Within minutes the smell of frying sausage and rashers permeated the small kitchen creating a sense of comfort deep within Evelyn, as did the warm milky tea sliding down her throat. Fortification

The sounds and smells emanating from the kitchen drew the attention and groggy praise of the other inhabitants of the cottage as they stumbled about moving through their own painful morning-after rituals. At first only grunts were exchanged, but by the time breakfast was half consumed conversation had begun to flow and the plans for the afternoon were being deliberated in broad brushstrokes. The washing up would be left until they had returned. “Priorities, people.”

“The real question is, how many cars do we take.” Jane got directly to the point, probably because one of the cars in question was hers. 

“Two would be far more comfortable than one,” Gary opined.

“Truth,” Evelyn and Owen chimed.

“Yeah, but there’s no way my car will make it. Paved roads only. That’s all it can candle.”

“I hear ya, but do you really want to be smashed in the back of mine with three other people? I mean, I don’t care. I’ll be in the driver seat. Plenty of space for me.” 

Always the conciliator,  Owen proposed, “What about two in the front seat?” When his suggestion was greeted with audible silence, undeterred, he persevered. “Sarah and Jane are small, no? Why don’t you lot sit up front and Evelyn, Danny, and me can fit in back.” Crickets. “It makes the most sense…” Owen trailed off and concentrated on using the last bit of his sausage to mop up the egg yolk that remained on his plate.  

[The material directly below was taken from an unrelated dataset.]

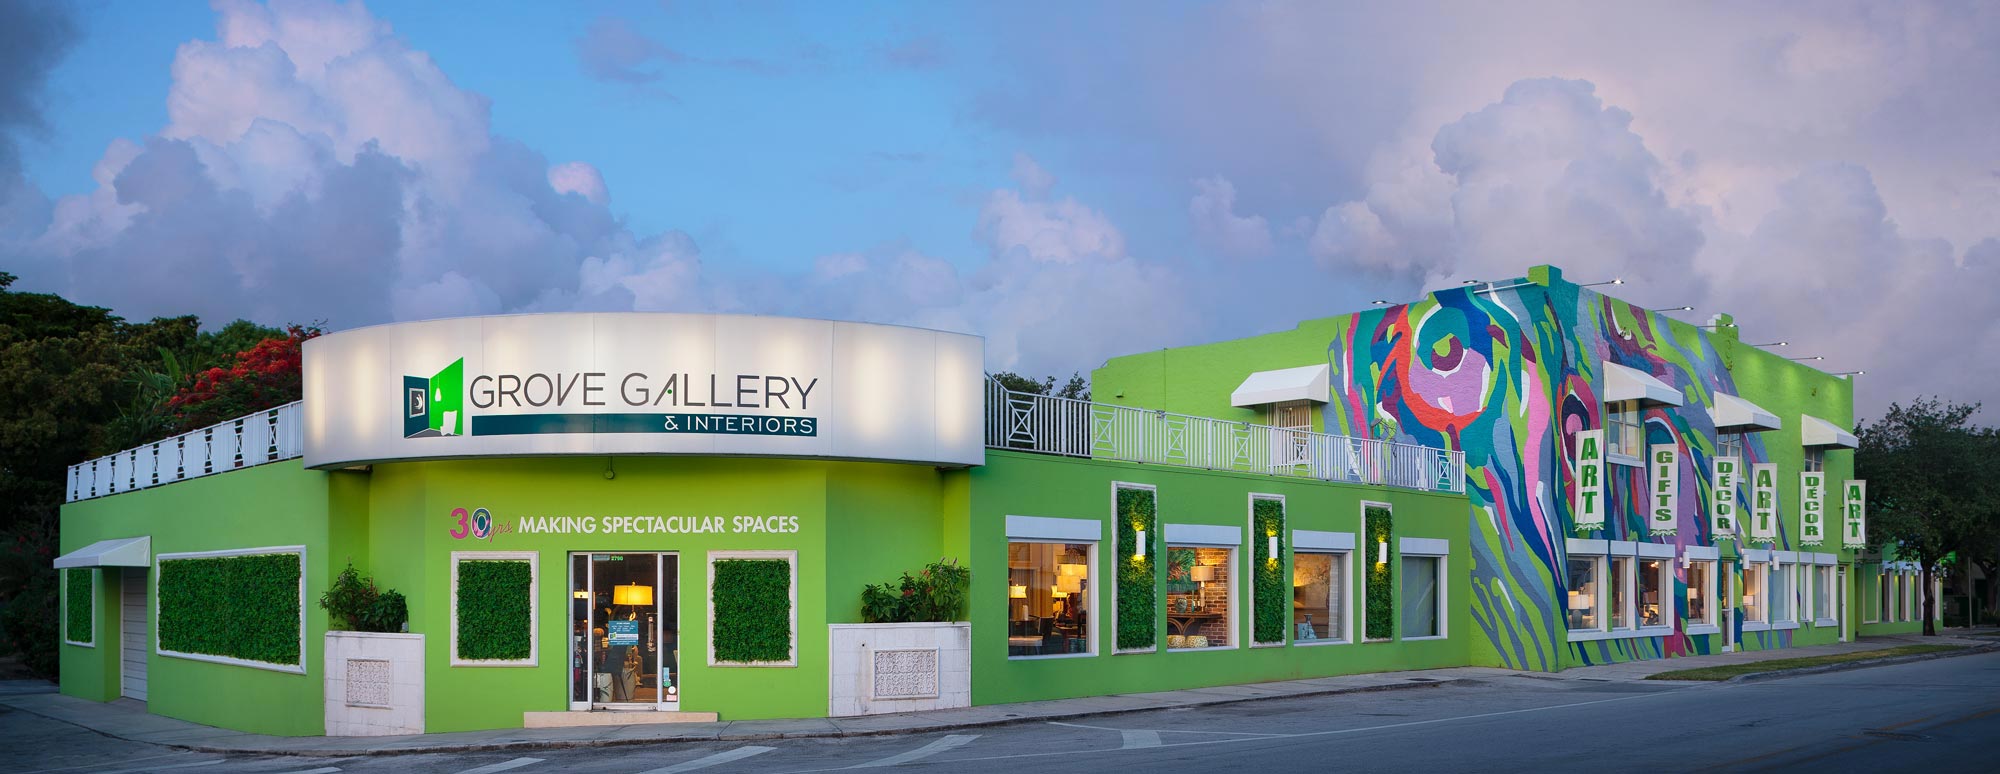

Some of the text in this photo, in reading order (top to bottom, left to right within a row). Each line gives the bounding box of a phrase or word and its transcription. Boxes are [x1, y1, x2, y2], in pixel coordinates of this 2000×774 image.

Piled into the back of the car, windows wide open for the curative fresh air, they left the village and headed out onto dirt track country roads. Stone walls zipped past the car – only one – windows on both sides, unbroken as far as the eye could see but rimmed on the top by a seemingly endless expanse of green rolling hills. The road, barely wide enough for one car, let alone two, was actually a two lane local “highway” and as a result Gary would have to pull to the side, nearly scraping the left flank of the car on the low wall to make room for the passing vehicle coming from the opposite direction, Sarah and Jane, tucked snugly into the shotgun seat,  visibly shying away from the approaching impenetrable barrier. Owen gazed thoughtfully out the window as Evelyn dozed, her head resting on his shoulder, and Danny and Gary sang full throatedly along to the Stone Roses blaring on the car stereo. 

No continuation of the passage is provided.